今回の学園迷宮祭でも、そこは目玉イベントであり本来解放されない場所だ。
なのでここはとことん厳重にしてあり、警戒されている。
「……迷宮っての、誰にとっても必要なモノだからなー」
[?]
「いや、なんでもない。というか、もう言われずとも分かっているんだろう?」
[ひゅーひゅ-]
わざとらしい口笛の演技なんだろうか。
いちおうでも教えてくれているということで納得し、俺たちは迷宮へ向かう。
◆ □ ◆ □ ◆
途中でハイトを見つけて、いっしょに連れていく。
彼女もやることが試食しか無かったようなので、食べ物を渡せばついてくる。
ある程度知識を叩き込んではあるが、それでもこのタイミングで外部の者と揉めるのはいろいろと危ういからだ。

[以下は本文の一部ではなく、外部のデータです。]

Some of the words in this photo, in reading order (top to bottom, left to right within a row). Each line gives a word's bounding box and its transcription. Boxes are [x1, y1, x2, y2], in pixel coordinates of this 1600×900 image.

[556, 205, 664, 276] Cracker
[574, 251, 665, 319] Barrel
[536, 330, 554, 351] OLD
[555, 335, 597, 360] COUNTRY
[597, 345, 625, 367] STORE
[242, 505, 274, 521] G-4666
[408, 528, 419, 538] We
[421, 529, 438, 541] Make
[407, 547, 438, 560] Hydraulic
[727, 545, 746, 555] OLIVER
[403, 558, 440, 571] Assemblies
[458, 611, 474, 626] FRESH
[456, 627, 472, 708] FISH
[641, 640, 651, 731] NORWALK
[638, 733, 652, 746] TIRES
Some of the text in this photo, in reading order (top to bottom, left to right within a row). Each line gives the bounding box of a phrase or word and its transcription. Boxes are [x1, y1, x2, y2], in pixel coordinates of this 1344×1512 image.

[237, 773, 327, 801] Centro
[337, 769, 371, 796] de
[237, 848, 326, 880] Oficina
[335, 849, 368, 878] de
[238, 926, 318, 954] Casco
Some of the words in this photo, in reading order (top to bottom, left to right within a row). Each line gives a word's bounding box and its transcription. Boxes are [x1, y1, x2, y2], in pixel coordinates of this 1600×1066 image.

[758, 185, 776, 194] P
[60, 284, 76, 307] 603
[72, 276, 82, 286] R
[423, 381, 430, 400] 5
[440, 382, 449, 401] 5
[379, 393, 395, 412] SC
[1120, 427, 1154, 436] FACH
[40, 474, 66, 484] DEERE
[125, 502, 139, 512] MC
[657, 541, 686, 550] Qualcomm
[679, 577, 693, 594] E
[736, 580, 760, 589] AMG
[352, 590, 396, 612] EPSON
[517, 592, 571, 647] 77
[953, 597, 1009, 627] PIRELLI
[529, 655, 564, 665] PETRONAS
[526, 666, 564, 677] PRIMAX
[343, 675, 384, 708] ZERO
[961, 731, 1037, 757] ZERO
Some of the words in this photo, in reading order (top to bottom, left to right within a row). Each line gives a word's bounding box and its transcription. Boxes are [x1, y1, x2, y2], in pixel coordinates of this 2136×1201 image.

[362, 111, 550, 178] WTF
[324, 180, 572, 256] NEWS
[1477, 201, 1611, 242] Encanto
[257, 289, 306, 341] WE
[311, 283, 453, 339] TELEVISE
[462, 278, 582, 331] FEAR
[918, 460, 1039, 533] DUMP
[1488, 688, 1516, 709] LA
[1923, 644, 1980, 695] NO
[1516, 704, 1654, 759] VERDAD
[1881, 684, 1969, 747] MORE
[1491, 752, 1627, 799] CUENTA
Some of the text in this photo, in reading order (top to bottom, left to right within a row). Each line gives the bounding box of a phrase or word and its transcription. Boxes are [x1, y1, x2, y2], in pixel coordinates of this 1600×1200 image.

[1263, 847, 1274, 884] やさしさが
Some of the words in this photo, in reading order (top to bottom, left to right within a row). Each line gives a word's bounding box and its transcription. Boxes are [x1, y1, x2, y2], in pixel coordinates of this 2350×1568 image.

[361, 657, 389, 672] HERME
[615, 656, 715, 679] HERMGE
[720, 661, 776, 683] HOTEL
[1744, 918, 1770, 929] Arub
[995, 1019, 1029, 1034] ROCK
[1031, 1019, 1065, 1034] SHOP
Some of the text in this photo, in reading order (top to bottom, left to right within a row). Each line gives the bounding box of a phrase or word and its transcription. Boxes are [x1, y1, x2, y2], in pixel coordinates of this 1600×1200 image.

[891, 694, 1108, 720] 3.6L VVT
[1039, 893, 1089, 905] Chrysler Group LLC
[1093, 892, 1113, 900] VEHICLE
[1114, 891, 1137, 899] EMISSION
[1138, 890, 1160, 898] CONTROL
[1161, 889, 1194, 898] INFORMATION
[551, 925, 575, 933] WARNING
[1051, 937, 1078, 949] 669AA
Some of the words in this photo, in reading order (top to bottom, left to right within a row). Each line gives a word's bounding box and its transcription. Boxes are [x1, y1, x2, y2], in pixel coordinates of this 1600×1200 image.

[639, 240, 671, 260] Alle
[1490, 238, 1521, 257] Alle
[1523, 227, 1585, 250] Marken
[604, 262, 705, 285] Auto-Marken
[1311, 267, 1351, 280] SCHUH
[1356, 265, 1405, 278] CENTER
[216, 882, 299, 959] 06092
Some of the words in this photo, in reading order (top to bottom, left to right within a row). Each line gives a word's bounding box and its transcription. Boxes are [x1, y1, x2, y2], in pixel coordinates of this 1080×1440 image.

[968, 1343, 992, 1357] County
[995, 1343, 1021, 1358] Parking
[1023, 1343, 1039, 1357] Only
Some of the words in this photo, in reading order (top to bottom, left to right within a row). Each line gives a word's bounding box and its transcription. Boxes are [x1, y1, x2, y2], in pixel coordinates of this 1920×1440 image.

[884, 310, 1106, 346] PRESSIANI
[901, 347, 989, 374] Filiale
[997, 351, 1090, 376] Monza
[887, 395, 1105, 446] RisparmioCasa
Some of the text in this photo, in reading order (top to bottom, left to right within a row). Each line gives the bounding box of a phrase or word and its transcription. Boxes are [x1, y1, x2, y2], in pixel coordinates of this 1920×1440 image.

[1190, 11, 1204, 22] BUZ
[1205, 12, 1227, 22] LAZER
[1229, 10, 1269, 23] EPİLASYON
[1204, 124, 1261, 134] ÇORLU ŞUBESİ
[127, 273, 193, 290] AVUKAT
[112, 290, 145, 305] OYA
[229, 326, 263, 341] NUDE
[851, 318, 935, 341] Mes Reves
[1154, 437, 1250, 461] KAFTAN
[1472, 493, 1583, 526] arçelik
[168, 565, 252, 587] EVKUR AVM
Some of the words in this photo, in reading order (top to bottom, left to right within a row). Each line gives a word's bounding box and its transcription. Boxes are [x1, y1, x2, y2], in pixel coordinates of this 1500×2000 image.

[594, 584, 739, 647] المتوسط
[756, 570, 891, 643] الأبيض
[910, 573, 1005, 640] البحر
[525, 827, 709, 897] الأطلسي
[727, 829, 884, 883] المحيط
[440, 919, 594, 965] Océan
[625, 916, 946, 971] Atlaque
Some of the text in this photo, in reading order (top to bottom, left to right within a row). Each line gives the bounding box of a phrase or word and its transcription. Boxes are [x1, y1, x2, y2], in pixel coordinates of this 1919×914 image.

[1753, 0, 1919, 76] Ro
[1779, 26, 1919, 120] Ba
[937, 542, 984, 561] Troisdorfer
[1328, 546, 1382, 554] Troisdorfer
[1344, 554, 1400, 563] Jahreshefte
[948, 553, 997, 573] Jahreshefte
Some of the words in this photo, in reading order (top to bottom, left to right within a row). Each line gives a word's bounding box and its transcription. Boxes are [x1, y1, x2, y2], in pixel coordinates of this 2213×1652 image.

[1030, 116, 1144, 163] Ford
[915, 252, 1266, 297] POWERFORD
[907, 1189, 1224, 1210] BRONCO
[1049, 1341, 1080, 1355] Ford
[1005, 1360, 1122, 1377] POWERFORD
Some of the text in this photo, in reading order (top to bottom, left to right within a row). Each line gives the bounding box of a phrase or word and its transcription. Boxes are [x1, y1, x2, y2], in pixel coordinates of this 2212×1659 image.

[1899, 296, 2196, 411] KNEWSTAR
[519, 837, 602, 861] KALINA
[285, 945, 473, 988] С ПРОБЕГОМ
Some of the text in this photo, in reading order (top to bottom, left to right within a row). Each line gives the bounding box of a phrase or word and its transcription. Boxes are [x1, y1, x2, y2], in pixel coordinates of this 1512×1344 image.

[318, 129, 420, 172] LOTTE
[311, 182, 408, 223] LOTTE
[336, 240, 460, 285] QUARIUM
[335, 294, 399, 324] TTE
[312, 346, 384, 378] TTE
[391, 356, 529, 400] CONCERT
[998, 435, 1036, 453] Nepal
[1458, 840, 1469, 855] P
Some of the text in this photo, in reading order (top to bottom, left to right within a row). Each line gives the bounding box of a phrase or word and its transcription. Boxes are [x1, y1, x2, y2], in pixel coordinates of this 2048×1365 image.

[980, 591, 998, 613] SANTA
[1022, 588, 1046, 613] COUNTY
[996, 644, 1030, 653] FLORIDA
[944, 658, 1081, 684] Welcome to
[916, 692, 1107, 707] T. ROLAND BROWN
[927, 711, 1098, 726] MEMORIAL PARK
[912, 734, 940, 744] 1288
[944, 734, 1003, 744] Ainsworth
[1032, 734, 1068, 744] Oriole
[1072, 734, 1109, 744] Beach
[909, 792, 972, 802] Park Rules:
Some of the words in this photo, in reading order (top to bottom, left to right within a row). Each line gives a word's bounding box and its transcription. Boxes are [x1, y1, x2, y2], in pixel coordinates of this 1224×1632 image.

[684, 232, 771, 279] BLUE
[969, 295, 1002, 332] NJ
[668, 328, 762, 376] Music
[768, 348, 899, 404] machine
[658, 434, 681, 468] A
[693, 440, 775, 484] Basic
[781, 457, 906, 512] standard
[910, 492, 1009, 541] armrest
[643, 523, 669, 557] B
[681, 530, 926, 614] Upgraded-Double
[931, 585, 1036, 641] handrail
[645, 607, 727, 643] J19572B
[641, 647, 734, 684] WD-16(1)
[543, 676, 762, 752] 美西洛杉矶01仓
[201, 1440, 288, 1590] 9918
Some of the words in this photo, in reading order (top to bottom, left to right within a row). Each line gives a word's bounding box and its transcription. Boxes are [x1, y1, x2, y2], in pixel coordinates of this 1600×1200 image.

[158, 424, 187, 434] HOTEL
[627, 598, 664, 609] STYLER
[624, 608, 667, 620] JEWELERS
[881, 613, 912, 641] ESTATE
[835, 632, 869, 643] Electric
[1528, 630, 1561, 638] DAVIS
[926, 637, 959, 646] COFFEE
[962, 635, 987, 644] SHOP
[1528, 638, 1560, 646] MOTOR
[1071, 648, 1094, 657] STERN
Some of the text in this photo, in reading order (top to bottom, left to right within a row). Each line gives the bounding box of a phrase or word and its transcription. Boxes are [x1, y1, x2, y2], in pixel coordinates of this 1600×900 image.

「ところでアサマサ、異様な数の人族どもがこの巣へ攻めてきたぞ。どうするのだ?」
「どうもしない。この巣の主……理事長はそれを歓迎しているんだ。だから、そこを借りている俺たちも招き入れる必要がある」
「わざわざそんなことをせずとも、我が睨めば……ヒッ!?」
「あー、はいはい。ハイト、とりあえずあっちから攻撃をしてこない限りは何をされても無視しておくべきだな。そうだな……ほら、矮小なる人族の些細な行動を気にしていたら切りが無いだろう?」
俺にしては珍しく出てきた、機転の利いた発言によってハイトは納得してくれる。
だが、この発言がのちのあの出来事に繋がる……ようなことにならないようにせねば。
「サーシャはどうする? たぶん、そのままだと難癖を付けてくるヤツが居ると思うんだが……やりすぎちゃダメだぞ」
[呪い設定]
「まあ、それが一番かな? 親切に解呪してやるってヤツが居たときのために、念のためそれらしい首輪とか作っておいた方がいいかもしれないな」
[り]
その瞬間、一瞬で首元にチョーカーが生成されるのだからビックリだ。
もしかしたら、誰かに予めデザインとかを伝えられていたのかもしれない。
あまりに現代風というか……ああ、なんというか見覚えがある感じなんだよな。
「アサマサ、我もそうした方がよいのか?」
「ん? まあ、したいならしてもくれてもいいぞ。サーシャの創るアイテムだから、それなりに性能良いだろうし……だろう?」
[使う?]
「あ、ありがとう……ござい、ます」
慣れない敬語でしっかりとお礼を言えたハイトにほっこりしつつも、辿り着いたXクラスに与えられた迷宮の階層内にて不具合が無いかの最終チェックを行う。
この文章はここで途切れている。